Canadian private-company insights from the 22nd CEO Survey

Private companies in Canada are under significant pressure as they  face uncertain economic conditions and numerous other challenges. As a result, private-company CEOs are more pessimistic about their growth prospects than they were last year. This risk aversion has the potential to hold back private companies in an era where boldness is what’s needed to move forward.

of global private-company CEOs are very confident about growing revenue over the next 12 months, compared with 38% in publicly traded companies.

- 22nd CEO Survey

Our global Private business trends 2019 report delves into the results of our 22nd CEO Survey to explore how external volatility is impacting the confidence of CEOs of private businesses globally and what they’re doing to position themselves to succeed in an uncertain future.

While global trends are important, private businesses in Canada have their own challenges. Over the next decade, Canadian private companies are expected to undergo a massive generational shift as baby boomers pass the baton to the next generation or prepare their business for sale. According to our Once in a lifetime series, 70% of owners of Canadian private companies plan to sell or pass on their business over the next few years.

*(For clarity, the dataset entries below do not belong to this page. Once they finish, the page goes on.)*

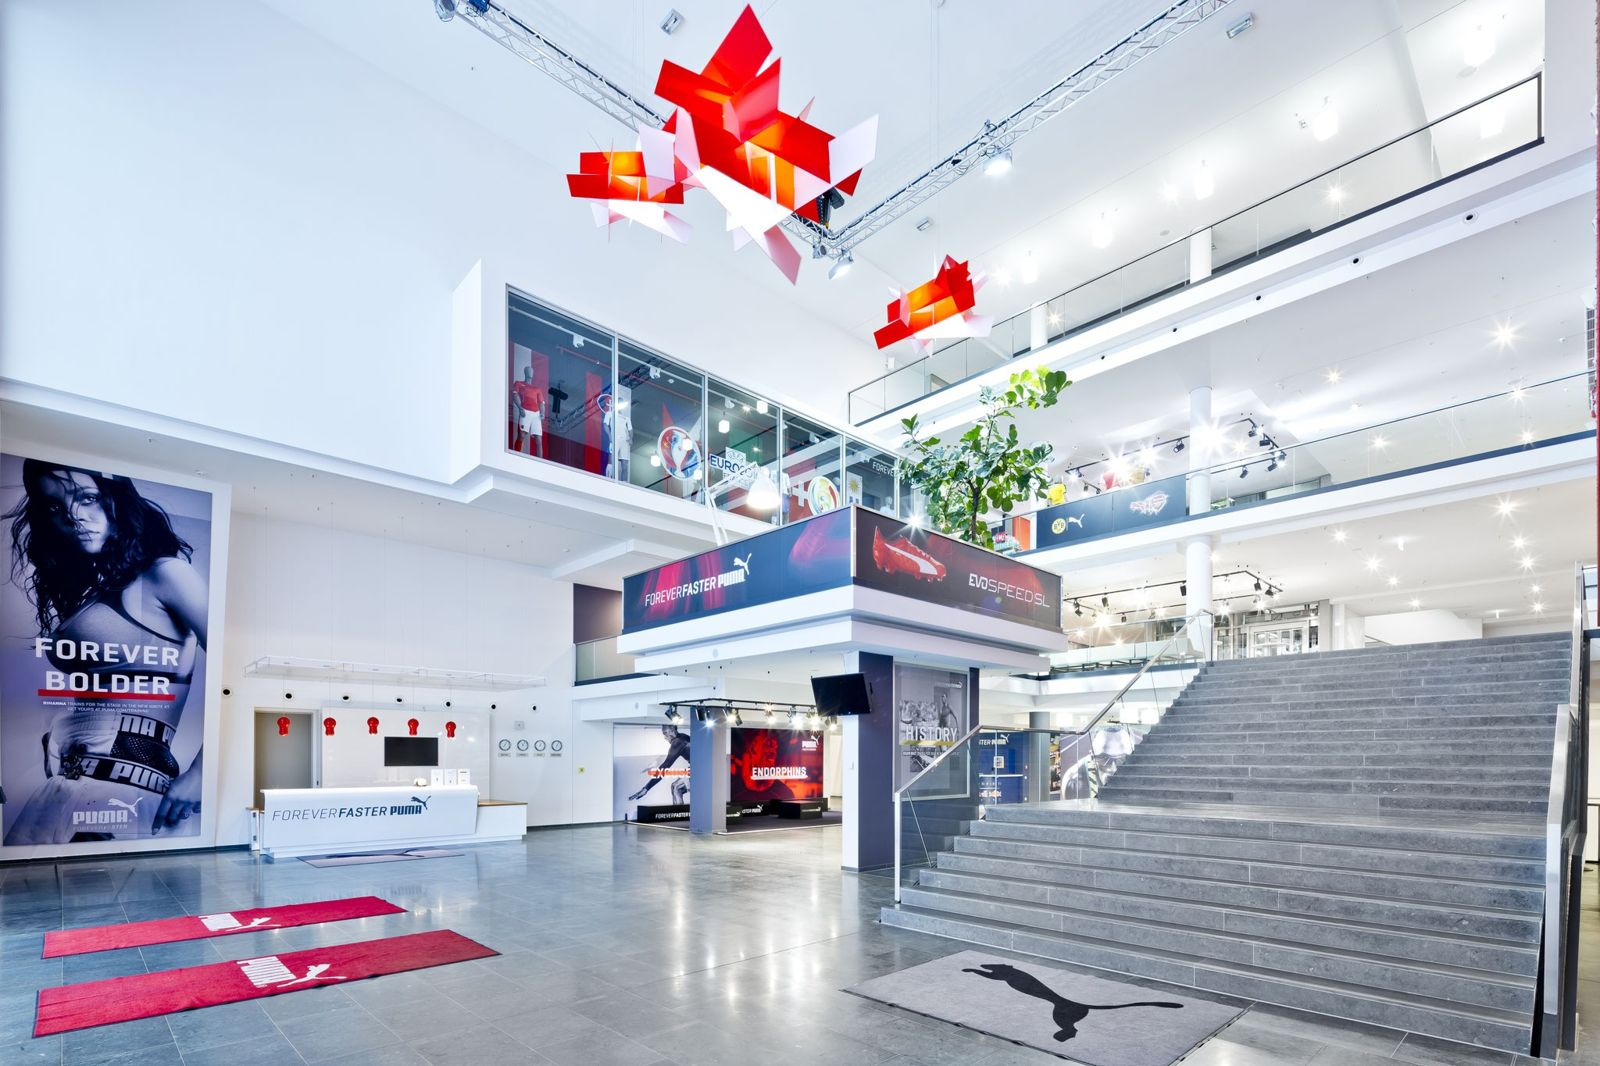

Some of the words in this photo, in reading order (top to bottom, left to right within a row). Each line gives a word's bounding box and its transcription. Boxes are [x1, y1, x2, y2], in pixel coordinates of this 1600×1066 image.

[718, 568, 746, 588] PUMA
[35, 637, 179, 666] FOREVER
[45, 671, 170, 695] BOLDER
[906, 726, 957, 742] HISTORY
[752, 766, 807, 777] ENDORPHINS
[72, 810, 128, 825] PUMA
[389, 804, 423, 816] PUMA

This transition, combined with business issues like the availability of key skills and potential cyber threats, will cause upheaval—but Canadian private companies able to embrace disruption could emerge stronger and better able to seize opportunities. To begin their evolution, they need to focus on two highly interconnected factors: talent and technology.

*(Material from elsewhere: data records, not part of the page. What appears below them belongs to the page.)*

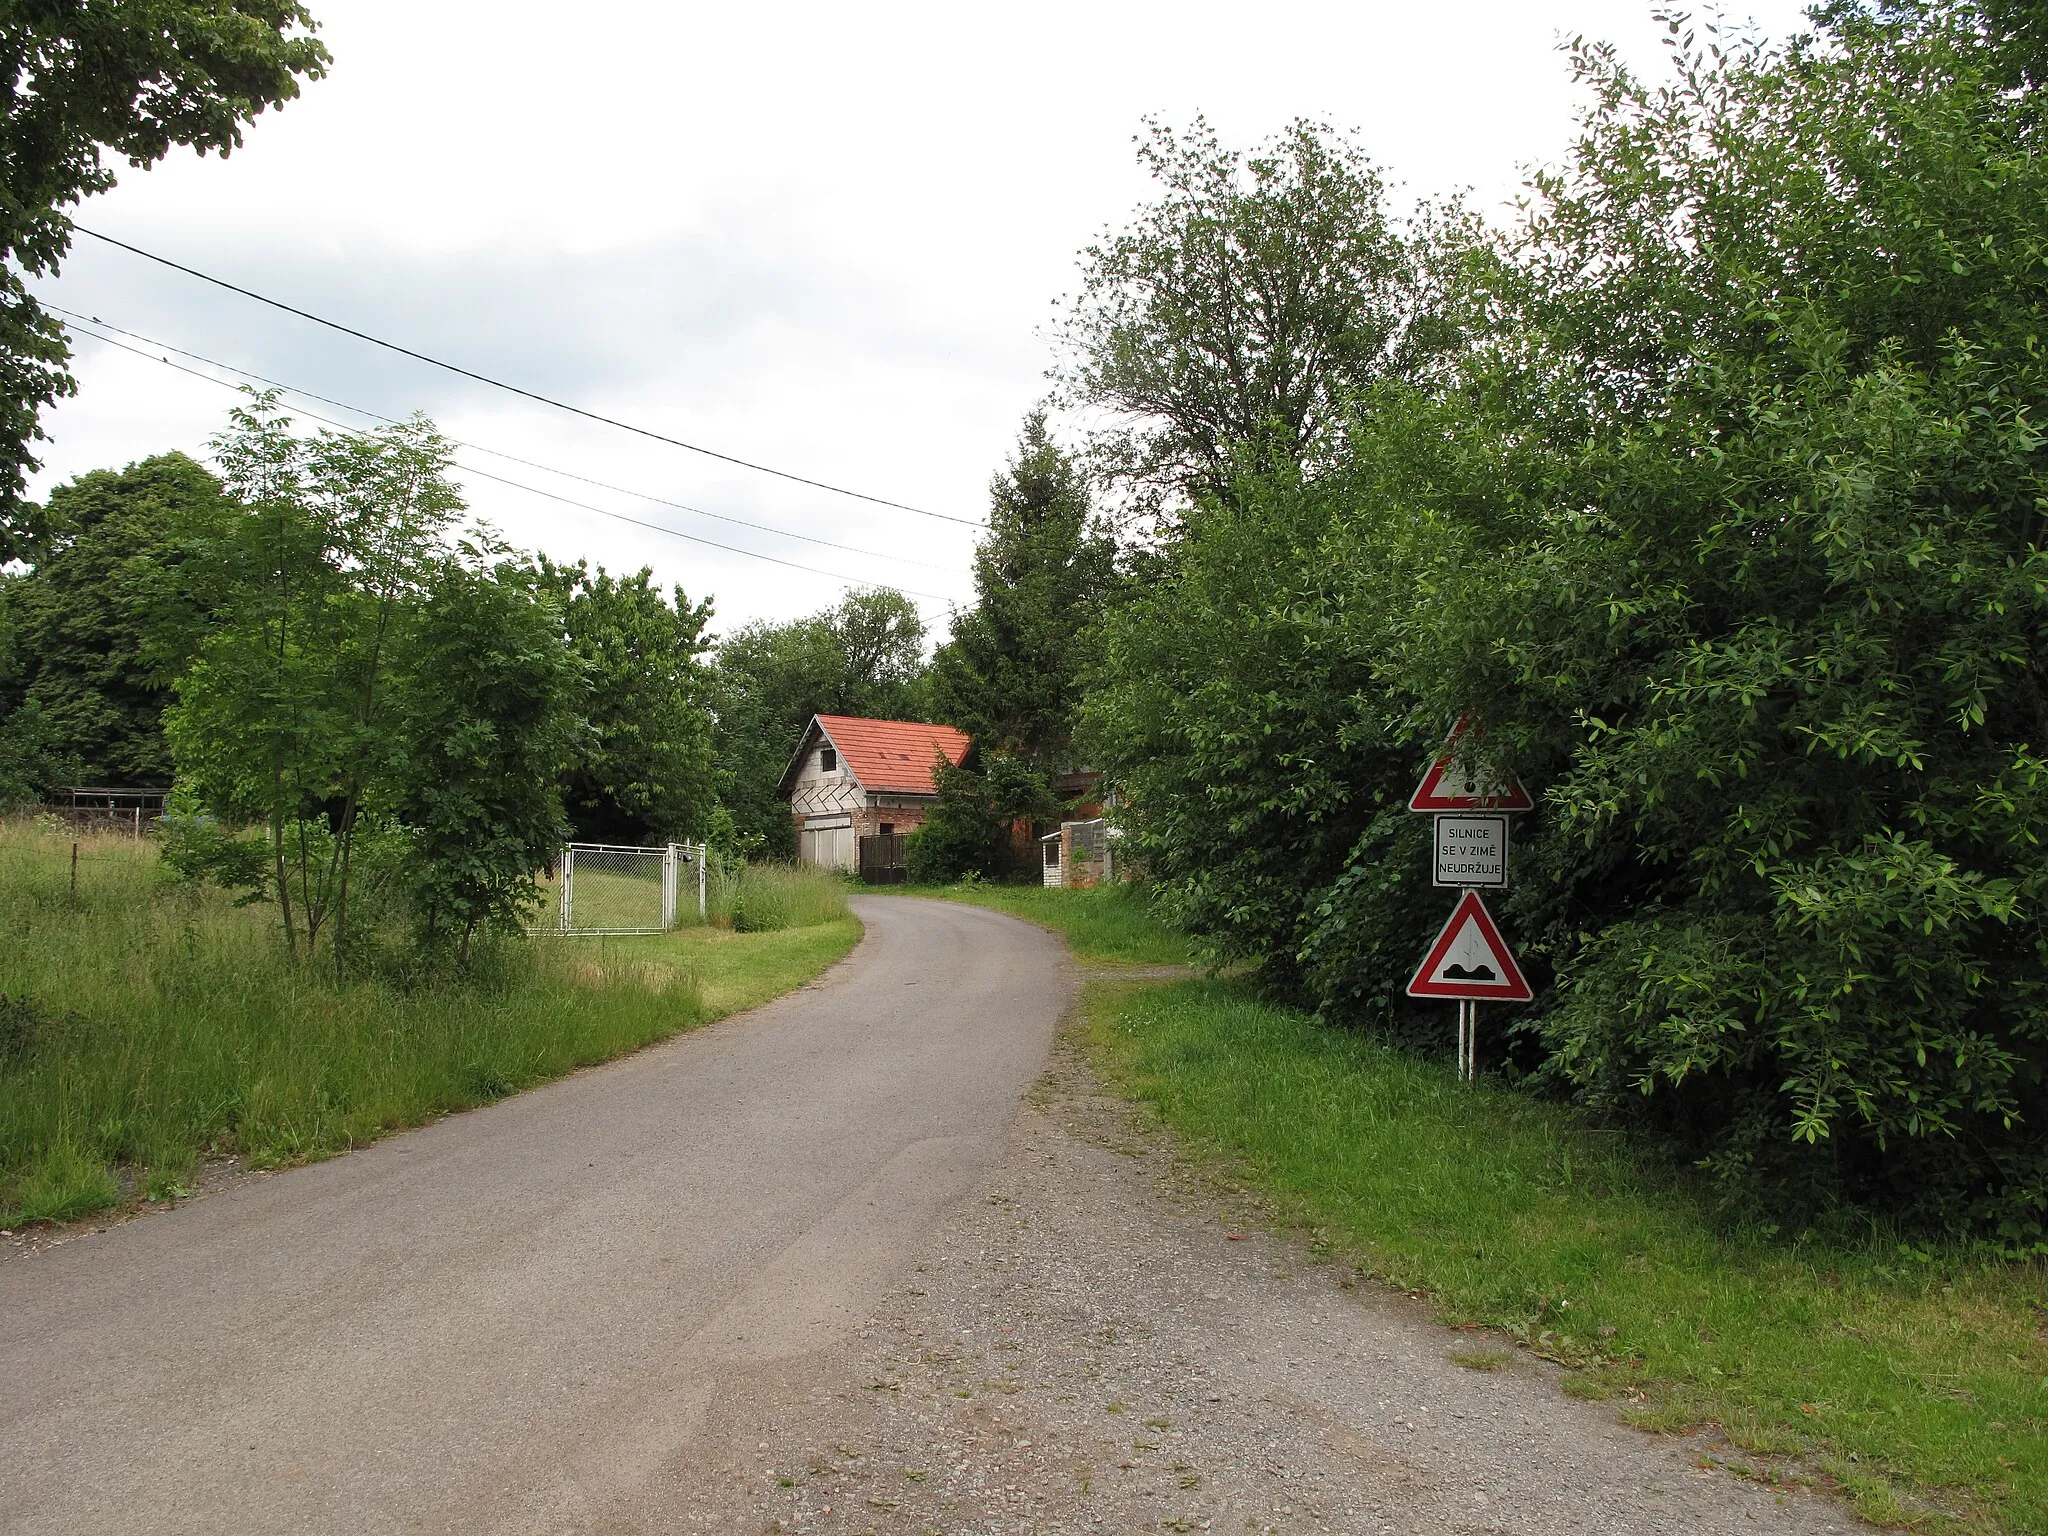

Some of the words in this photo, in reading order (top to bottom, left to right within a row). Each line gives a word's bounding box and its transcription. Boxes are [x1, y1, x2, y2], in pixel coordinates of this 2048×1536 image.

[1449, 829, 1489, 839] SILNICE
[1442, 846, 1456, 855] SE
[1459, 846, 1466, 855] V
[1470, 844, 1496, 856] ZIMĚ
[1439, 862, 1501, 874] NEUDRŽUJE

1. The right talent can make a difference

More than two-thirds of CEOs of private businesses are finding it more difficult to hire workers, while one-third are extremely concerned about the availability of key skills. Without the talent required to operate in an ever-changing business environment, private companies will find it difficult to manage innovation, customer demands and their bottom line—all at the same time.

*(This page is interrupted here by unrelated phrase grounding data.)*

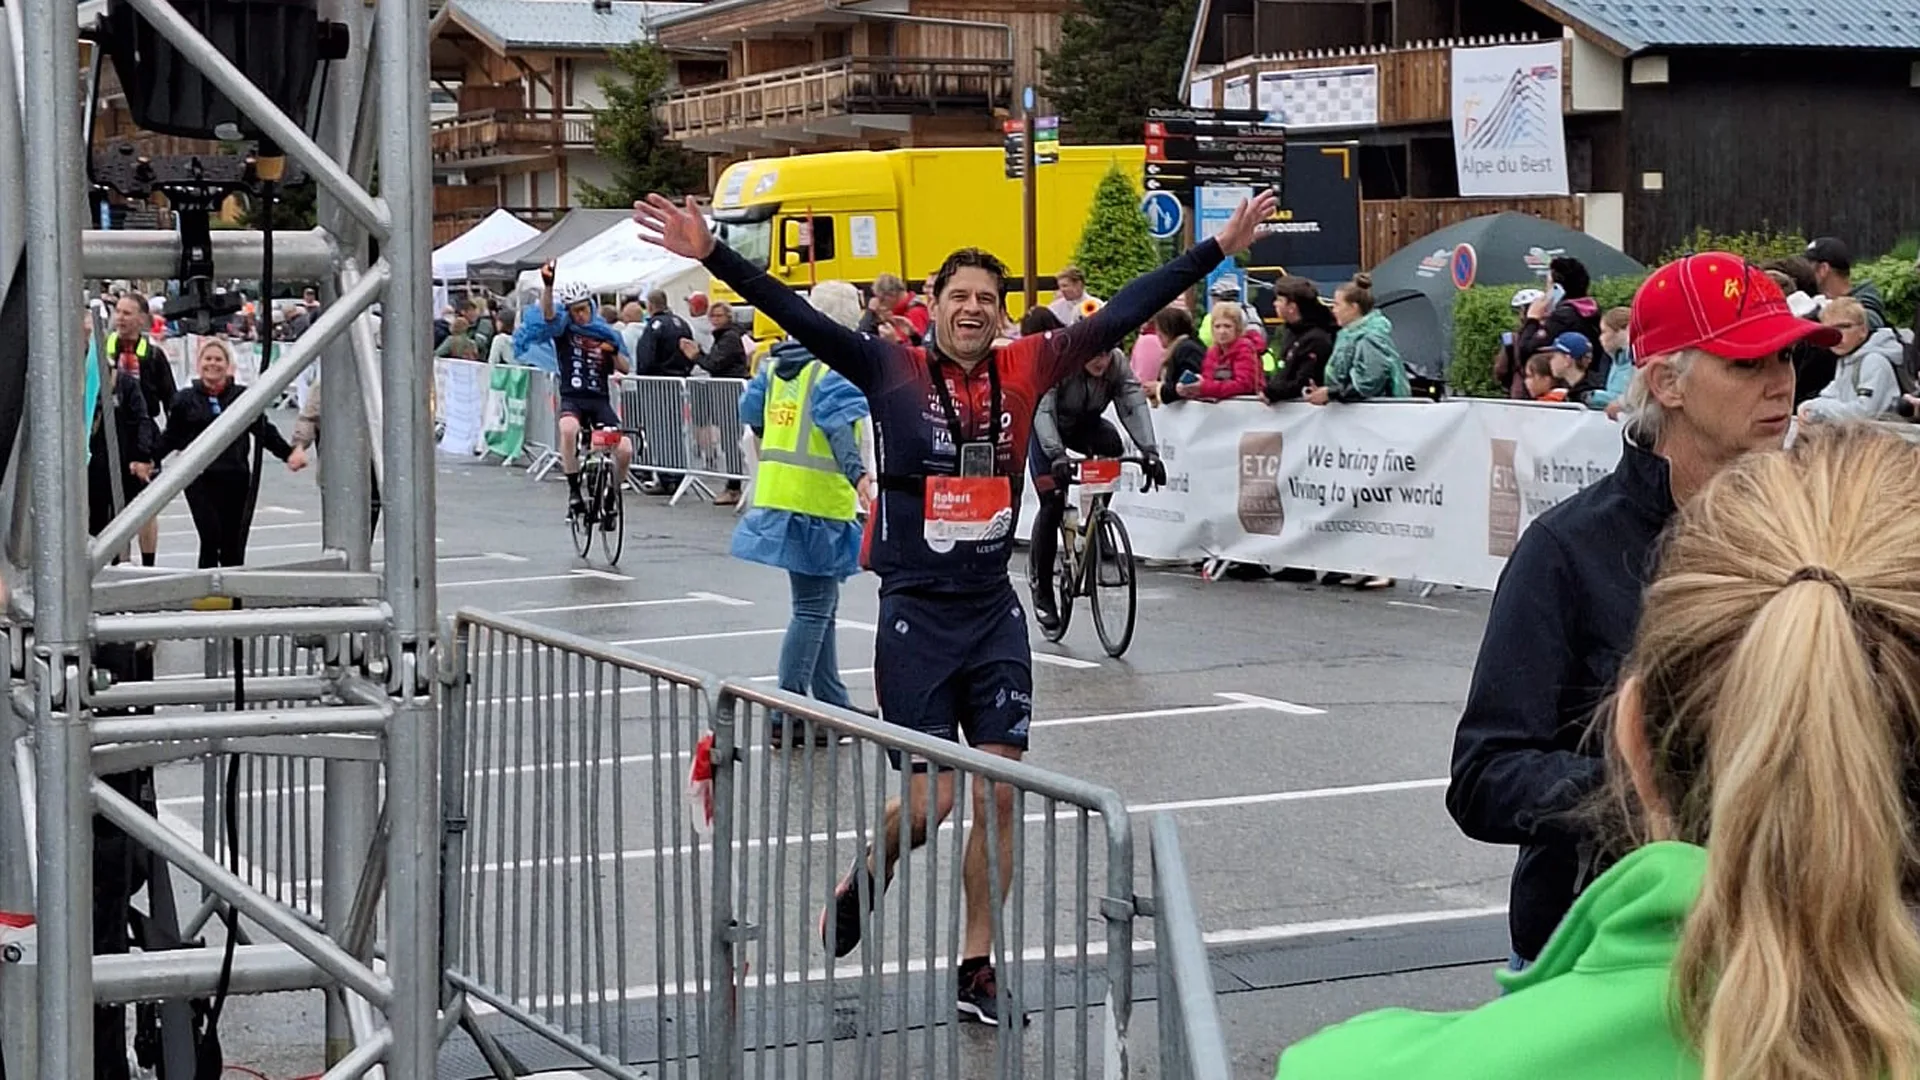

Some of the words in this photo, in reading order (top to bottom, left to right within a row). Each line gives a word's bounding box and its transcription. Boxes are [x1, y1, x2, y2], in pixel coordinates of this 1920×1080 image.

[1462, 155, 1493, 178] Alpe
[1496, 155, 1517, 173] du
[1520, 155, 1552, 173] Best
[1243, 455, 1279, 476] ETC
[1307, 445, 1334, 468] We
[1338, 446, 1379, 476] bring
[1382, 449, 1417, 472] fine
[1551, 457, 1584, 485] bring
[933, 490, 971, 504] Robert
[1288, 476, 1327, 507] living
[1331, 480, 1346, 502] to
[1352, 487, 1393, 508] your
[1399, 482, 1444, 506] world

Recruiting the right talent with new skill-sets can make a big difference. But CEOs need to recognize that supporting and training existing talent is just as important. In our CEO Survey, Canadian CEOs chose the education pipeline as their top source of new talent, whereas global executives prioritized upskilling and training programs.

While companies should consider partnerships to facilitate training and upskilling, they can’t rely solely on external organizations (e.g. colleges, universities, government agencies) to address skills gaps. Private companies need to investigate their future skill demands and create a targeted plan for obtaining them. And while 63% of Canadian family businesses have their next-generation employees learning on the job, jobs are susceptible if companies don’t continue to take an active role in retooling their workforces.

Private-company CEOs also need to prioritize training for future leaders. While almost half of family businesses in Canada plan to pass on management and/or ownership of their organization, 27% have not yet involved the next generation in order to prepare them for the shift. In our Once in a lifetime series, we discuss the succession challenges of Canadian private and family businesses and outline ways they can better manage their transition.

2. Technology can reshape your business

For many Canadian private companies, the only way to move forward confidently and cost-effectively despite ongoing uncertainty will be to leverage technology innovations like AI and smart data analytics. Globally, 82% of private-company CEOs agree that artificial intelligence (AI) will significantly change their business within the next five years—a view closely mirrored by Canadian CEOs.

While many Canadian CEOs of private companies recognize the importance of technology to their future success, most have focused their efforts to date on one-off initiatives. To realize the value presented by innovative technologies like AI and robotics process automation, private companies need to approach them more holistically. To do this, CEOs need to create a vision of what they want their business to become and then make sure any technology investments are aligned with this vision and their strategic goals.

Bringing talent and technology together

Canadian private businesses are uniquely positioned to use disruption as a catalyst for growth, but only if they’re willing to be bold and limit their aversion to risk. Given the upcoming generational shift, they have an unparalleled opportunity to interconnect talent and technology initiatives to forge more competitive businesses that are well-equipped to face any challenge.

Be designed to disrupt

We know that being bold can be hard. Our Designed to disrupt conference series is all about helping private companies do all they can to crest the current wave of digital innovation—from understanding how to find and retain the right talent to finding a balance between brains and ’bots. This year, the conference is centred around three main themes: growth, data and analytics and the convergence of AI and talent.   [Learn more]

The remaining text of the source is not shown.